Papua Nugini Jual Rugi Mobil Maserati

06/10/2021

Pasar mobil

3 menit

Share this post:
Pemerintah Papua Nugini mengaku menyesal telah melakukan pembelian mobil Maserati guna memukau para tamu undangan pada APEC 2018. Kini mobil dijual rugi.

Papua Nugini kini tengah kebingungan mencari pemilik baru dari mobil Maserati yang dibeli untuk menyambut para tamu pada konferensi APEC (Asia-Pacific Economic Cooperation) 2018 silam.

Papua Nugini mengakui bahwa mereka melakukan kesalahan besar dan kesulitan untuk menjual mobil mewah yang saat itu ditujukan untuk memukau para tamu undangan dari berbagai negara. 

>>> Mitsubishi Resmikan Dealer Pertama di Papua, Berapa Harga Mobilnya?

Maserati Dijual Rugi

Mobil Maserati

Mobil Maserati itu masih terparkir rapi di gudang. Foto: STRINGER/Reuters

Pembelian mobil mewah itu memang tak lepas dari kontroversi.
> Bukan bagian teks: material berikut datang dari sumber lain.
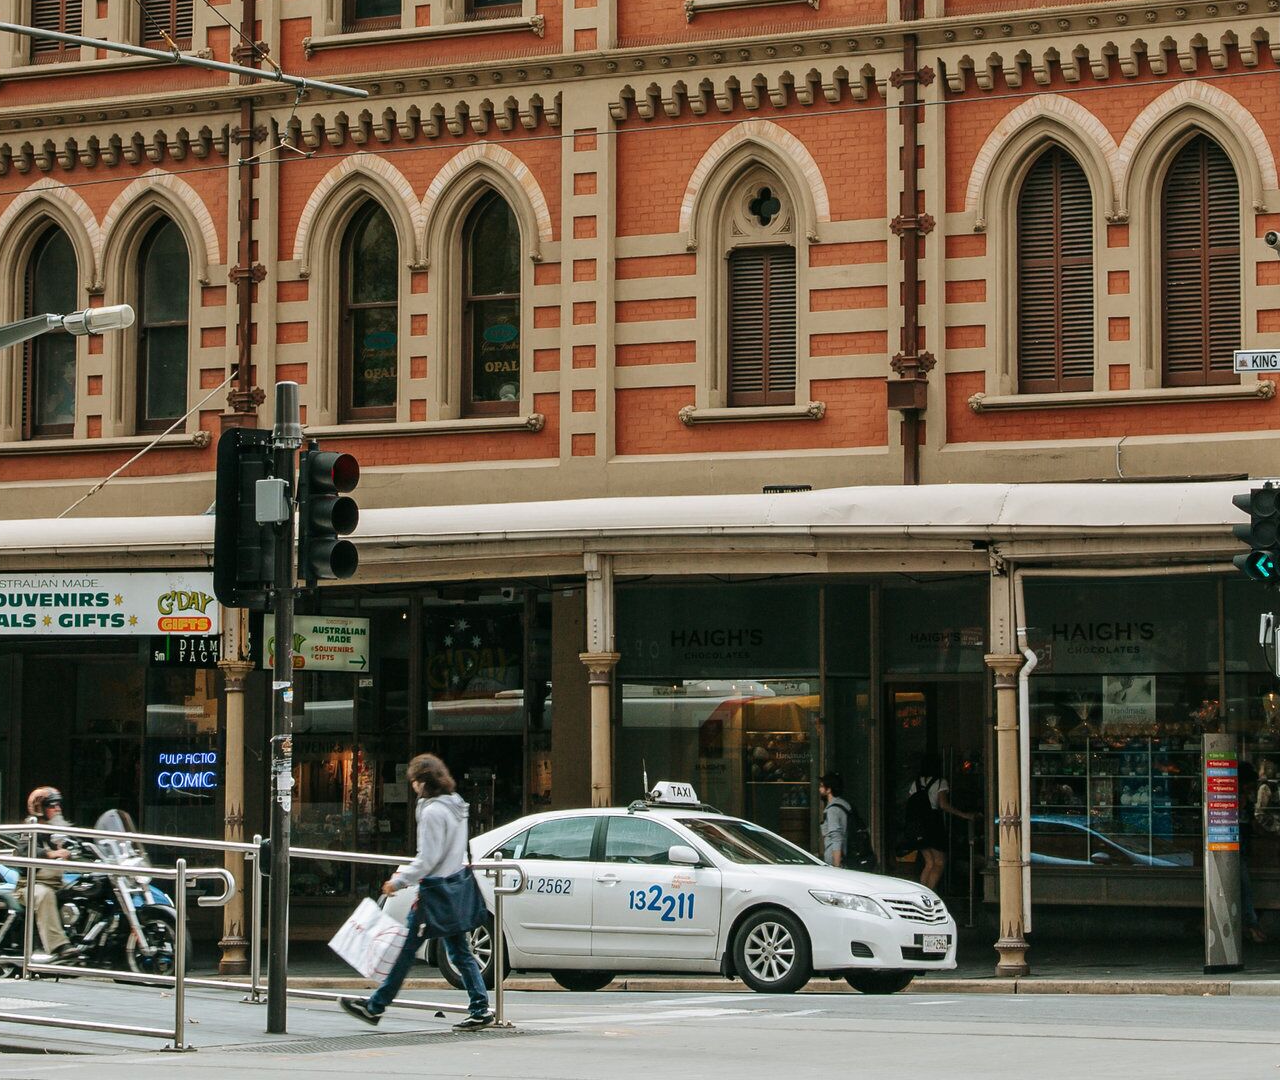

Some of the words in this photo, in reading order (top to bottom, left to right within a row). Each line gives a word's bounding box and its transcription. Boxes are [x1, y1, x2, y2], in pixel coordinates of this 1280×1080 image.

[1252, 354, 1278, 368] KING
[58, 613, 125, 628] GIFTS
[162, 618, 208, 631] GIFTS
[312, 626, 366, 635] AUSTRALIAN
[1052, 622, 1154, 640] HAIGH'S
[327, 635, 351, 643] MADE
[314, 645, 354, 653] SOUVENIRS
[1067, 646, 1140, 654] CHOCOLATES
[684, 651, 750, 660] CHOCOLATES
[160, 753, 183, 764] PULP
[185, 752, 216, 764] FICTIO
[670, 786, 691, 797] TAXI
[512, 879, 533, 891] TXI
[537, 878, 572, 894] 2562
Beberapa petinggi negara juga menolak untuk menggunakan mobil tersebut, salah satunya Perdana Menteri Selandia Baru Jacinda Ardern. Walhasil salah satu negara termiskin di dunia itu kini menjual mobil Maserati di bawah harga yang seharusnya. 
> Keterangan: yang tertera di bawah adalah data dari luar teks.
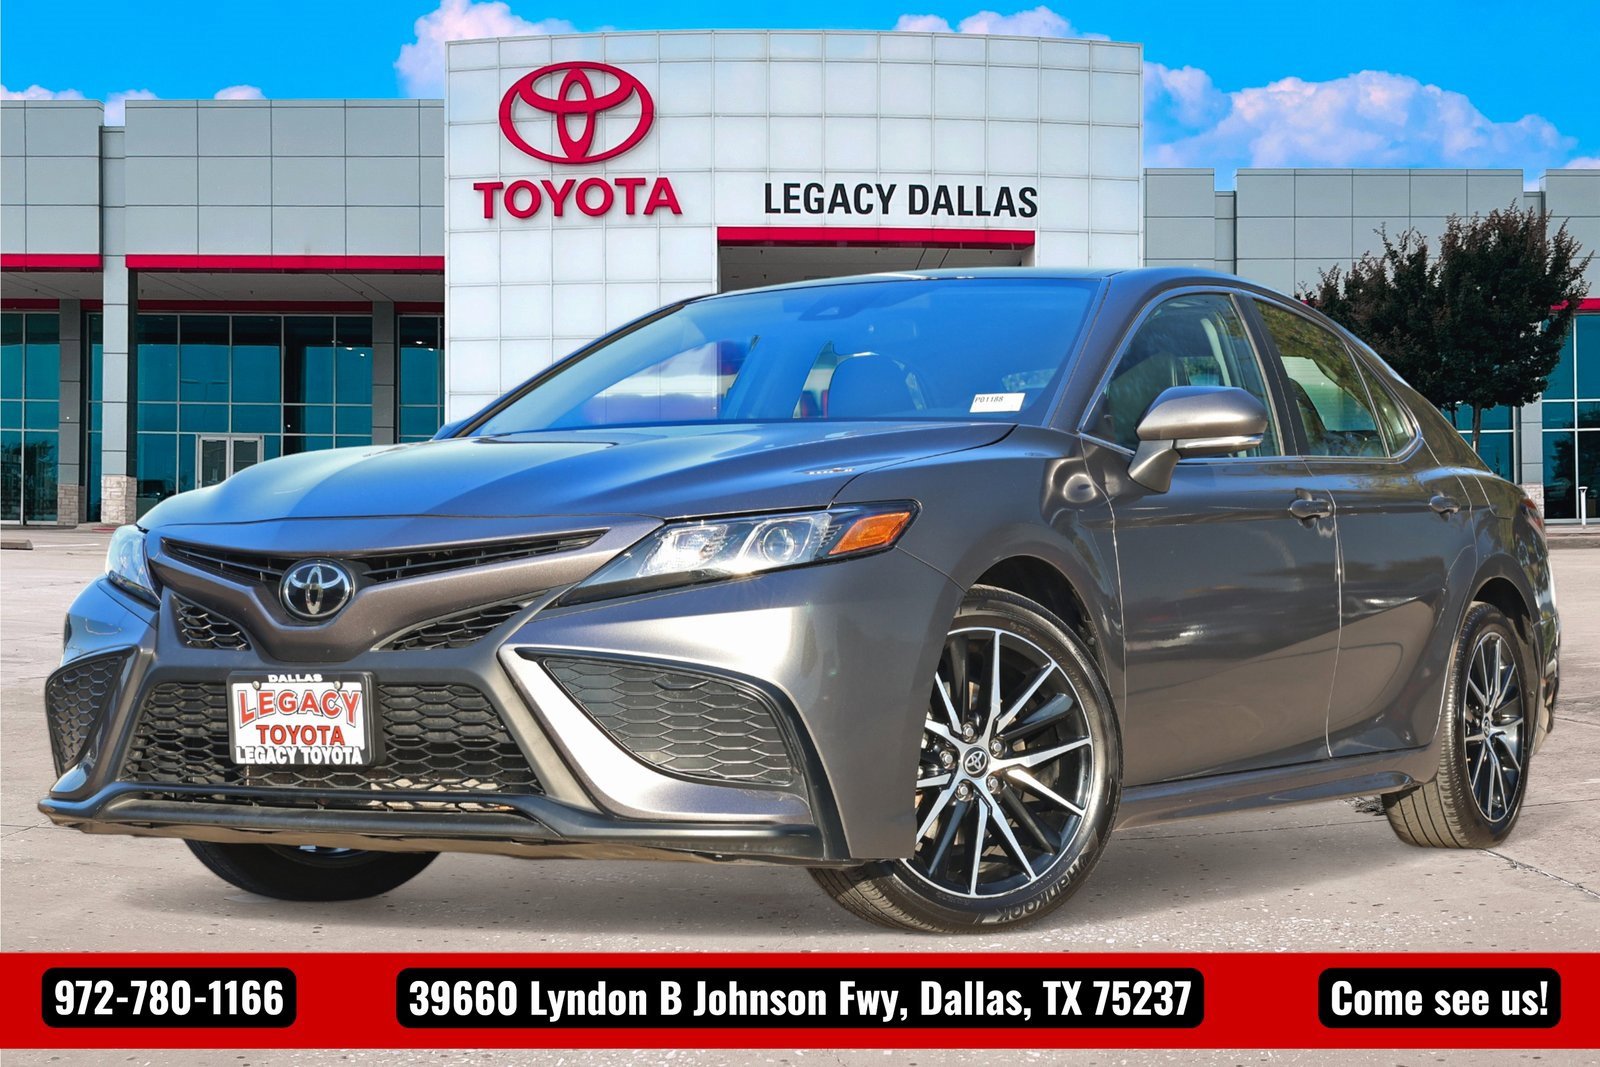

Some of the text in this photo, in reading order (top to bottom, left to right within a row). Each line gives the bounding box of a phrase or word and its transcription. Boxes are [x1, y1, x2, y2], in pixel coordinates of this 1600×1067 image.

"Kalau kami memiliki pandangan ke depan, mobil Maserati itu mungkin tak akan dibeli sejak awal," ungkap Menteri Keuangan John Pundari kepada media lokal seperti dikutip BBC. 

"Saya tak tahu alasan pasti di balik pembelian Maserati ini dan sekarang kami tengah menghadapi dilema," sambung John. 

Masing-masing mobil dijual dengan harga 400.000 kina atau kalau dirupiahkan setara dengan Rp 1,6 miliar. Harganya turun sekitar 20% dari aslinya. Sebelumnya sedan Quattroporte itu diboyong dari sebuah dealer di Sri Lanka dan diterbangkan ke Papua Nugini menggunakan pesawat jumbo jet yang dicarter. 

Kala itu, Menteri APEC setempat Justin Tkatchenko menyebut bahwa mobil tersebut merupakan standar untuk bisa memberikan kenyamanan bagi para petinggi negara dan memang biasa digunakan pada konferensi sekelas APEC. 

Tkatchenko juga meyakini bahwa usai konferensi APEC rampung, mobil akan cepat terjual. Tak lama berselang Perdana Menteri Peter O'Neill juga menyebut bahwa pemerintah tak akan kehabisan dana dengan pembelian Maserati tersebut. Pada kenyataannya, tiga tahun setelah konferensi APEC hanya dua mobil terjual. 

Mobil Maserati

Didatangkan dengan pesawat carter jumbo jet. Foto: HANDOUT/Reuters

>>> Maserati Kenalkan Levante Hybrid, SUV Listrik Pertama dari Modena

Kondisi Jalan Tak Memadai untuk Mobil Sekelas Maserati

Sayangnya, sejak pertemuan berakhir mobil-mobil mewah itu terparkir di gudang kawasan Ibu Kota Port Moresby. Pada tahun 2019, Menteri Keuangan saat itu dan kini menjabat Perdana Menteri James Marape sempat mengecek bahwa kondisi mobil tidak ada yang hilang atau dicuri. 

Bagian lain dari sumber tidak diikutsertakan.